Rita de Cassia de Carvalho, uma das filhas do idoso, conta que o motivo da longevidade do pai é a alimentação controlada e equilibrada que ele sempre teve ao longo da vida, sem produtos industrializados e “tudo direto da feira”.
“Meu pai não come alimentos industrializados, como embutidos, e isso sempre refletiu nos filhos, porque nós também não consumimos. Ele sempre comeu coisas saudáveis. No café da manhã, por exemplo, é uma fatia de mamão, depois uma caneca com caldo de carne, um copo com leite e três biscoitos. Esse caldo é feito pelo genro dele, que todos os dias nos manda. É o mais famoso na cidade, conhecido como um dos melhores de Teresina, justamente por não ter tanta gordura”, comenta.
Raimundo Mendes de Carvalho, de 103 anos, não come alimentos industrializados e nem muito gordurosos - Foto: Elias Fontinele/O Dia
O almoço da família também não foge à regra. A refeição leva o gosto da comida caseira, com a presença constante de arroz, feijão, abóbora, maxixe, quiabo, ovos e carne branca. Nada de lasanhas, comidas gordurosas ou carne vermelha. Mas como bom nordestino, depois da refeição, não pode faltar a tradicional rapadura. As frutas também estão presentes ao longo do dia. Toda a dieta do idoso é feita por uma nutricionista e os filhos seguem à risca as orientações.
Por muitos anos, era o senhor Raimundo o responsável por ir à feira todos os dias comprar os alimentos que seriam consumidos no almoço. A família mora há mais de 50 anos próxima ao Mercado do Mafuá, um dos mais tradicionais da Capital, onde funciona uma feira onde praticamente todos os produtos vendidos vêm de hortas comunitárias e orgânicas.
A ida ao mercado também servia como caminhada, mas, após um acidente, as saídas se tornaram raras. Hoje, os alongamentos são feitos em casa mesmo. “Hoje eu faço pouca caminhada, só dentro de casa, mas eu gosto muito”, conta.
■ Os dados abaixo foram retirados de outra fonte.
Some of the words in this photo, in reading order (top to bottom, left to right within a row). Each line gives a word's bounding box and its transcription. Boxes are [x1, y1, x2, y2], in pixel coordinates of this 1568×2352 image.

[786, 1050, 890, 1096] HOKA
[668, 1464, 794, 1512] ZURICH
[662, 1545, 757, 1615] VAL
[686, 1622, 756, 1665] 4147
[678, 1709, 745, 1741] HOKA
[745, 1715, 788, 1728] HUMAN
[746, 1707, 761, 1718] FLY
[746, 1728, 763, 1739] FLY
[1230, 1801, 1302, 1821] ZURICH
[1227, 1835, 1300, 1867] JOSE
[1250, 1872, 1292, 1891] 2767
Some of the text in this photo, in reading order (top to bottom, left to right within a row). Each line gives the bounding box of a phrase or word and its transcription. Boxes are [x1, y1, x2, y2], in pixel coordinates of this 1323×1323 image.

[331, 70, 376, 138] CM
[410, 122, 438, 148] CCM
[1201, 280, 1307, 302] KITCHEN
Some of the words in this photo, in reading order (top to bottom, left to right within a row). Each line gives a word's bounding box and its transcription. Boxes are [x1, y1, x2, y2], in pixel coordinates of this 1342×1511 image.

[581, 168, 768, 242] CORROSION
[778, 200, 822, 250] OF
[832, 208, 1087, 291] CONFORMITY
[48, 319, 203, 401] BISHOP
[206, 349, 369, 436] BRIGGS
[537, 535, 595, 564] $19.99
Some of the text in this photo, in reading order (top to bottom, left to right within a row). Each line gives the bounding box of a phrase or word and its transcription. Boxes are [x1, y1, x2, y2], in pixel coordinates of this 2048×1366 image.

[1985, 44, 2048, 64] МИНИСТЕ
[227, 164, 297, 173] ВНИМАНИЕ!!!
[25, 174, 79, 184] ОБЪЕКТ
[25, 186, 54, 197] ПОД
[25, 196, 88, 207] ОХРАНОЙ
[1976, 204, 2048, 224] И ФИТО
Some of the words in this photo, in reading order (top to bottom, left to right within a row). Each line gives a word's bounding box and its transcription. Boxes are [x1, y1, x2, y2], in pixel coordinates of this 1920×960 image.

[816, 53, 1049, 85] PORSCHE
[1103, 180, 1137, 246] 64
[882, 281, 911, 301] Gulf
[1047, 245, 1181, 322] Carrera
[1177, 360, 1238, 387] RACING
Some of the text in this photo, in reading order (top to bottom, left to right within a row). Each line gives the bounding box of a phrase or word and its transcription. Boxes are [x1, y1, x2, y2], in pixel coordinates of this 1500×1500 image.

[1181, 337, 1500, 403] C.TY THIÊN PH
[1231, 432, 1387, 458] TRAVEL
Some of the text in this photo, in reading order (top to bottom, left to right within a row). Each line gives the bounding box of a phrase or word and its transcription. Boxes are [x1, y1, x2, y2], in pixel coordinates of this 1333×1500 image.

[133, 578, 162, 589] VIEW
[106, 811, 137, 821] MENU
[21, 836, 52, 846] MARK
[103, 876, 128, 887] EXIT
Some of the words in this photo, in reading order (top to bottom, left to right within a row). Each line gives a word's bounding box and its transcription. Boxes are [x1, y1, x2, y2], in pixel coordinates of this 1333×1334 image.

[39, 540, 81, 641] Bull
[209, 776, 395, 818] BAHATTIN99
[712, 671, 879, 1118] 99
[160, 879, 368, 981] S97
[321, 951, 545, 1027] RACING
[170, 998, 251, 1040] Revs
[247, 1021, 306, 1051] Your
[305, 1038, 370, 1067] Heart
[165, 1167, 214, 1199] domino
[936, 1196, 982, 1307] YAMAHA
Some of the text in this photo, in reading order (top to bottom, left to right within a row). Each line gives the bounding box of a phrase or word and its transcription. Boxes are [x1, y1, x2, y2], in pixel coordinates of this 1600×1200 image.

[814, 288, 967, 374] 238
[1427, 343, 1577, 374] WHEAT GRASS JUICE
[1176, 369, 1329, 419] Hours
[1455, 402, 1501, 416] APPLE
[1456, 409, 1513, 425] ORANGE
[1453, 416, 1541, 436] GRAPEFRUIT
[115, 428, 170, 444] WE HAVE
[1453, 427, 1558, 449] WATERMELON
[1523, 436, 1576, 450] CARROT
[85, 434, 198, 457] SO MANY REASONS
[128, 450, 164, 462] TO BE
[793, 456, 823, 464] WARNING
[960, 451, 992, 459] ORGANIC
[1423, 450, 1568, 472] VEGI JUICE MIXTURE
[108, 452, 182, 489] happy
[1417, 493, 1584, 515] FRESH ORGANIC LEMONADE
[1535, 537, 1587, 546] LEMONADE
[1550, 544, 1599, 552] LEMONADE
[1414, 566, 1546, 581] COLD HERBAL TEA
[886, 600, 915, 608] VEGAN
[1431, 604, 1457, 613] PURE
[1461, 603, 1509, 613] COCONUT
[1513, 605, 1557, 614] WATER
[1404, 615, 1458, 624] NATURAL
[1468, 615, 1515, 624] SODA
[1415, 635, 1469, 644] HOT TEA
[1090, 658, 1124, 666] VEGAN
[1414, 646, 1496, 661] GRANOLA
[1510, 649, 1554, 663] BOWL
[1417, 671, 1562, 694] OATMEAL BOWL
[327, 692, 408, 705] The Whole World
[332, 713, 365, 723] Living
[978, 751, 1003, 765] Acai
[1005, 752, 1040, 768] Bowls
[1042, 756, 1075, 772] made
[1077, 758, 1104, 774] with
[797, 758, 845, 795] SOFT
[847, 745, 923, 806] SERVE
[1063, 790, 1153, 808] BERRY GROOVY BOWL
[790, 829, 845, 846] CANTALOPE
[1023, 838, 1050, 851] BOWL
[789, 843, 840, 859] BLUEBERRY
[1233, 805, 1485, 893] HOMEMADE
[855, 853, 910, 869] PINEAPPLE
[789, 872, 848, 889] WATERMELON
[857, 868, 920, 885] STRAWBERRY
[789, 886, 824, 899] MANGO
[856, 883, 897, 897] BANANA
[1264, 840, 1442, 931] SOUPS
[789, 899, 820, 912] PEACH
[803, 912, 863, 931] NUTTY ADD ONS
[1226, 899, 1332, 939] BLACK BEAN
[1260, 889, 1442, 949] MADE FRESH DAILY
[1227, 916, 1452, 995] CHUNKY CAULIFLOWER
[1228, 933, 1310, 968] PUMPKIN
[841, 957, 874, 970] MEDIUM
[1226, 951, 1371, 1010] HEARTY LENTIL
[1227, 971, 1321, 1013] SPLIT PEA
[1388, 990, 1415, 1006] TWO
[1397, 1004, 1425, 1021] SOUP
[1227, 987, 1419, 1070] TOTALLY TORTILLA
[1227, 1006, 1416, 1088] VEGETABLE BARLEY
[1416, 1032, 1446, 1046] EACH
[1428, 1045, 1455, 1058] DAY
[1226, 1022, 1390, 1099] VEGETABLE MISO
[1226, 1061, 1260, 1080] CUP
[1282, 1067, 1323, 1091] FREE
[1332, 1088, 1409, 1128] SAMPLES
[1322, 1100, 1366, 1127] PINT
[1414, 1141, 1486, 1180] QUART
Há um mês, o idoso sofreu um derrame ocular e perdeu alguns movimentos e a visão ficou comprometida, além de algumas alterações nas taxas e mudanças de comportamento. “Meu pai não tomava nenhum medicamento, então, para a idade dele, a quantidade de medicamentos é até pouca, mas acho que tudo isso é graças ao cuidado que temos com ele, a preocupação e amor que desprendemos todos os dias”, conclui Rita de Cássia.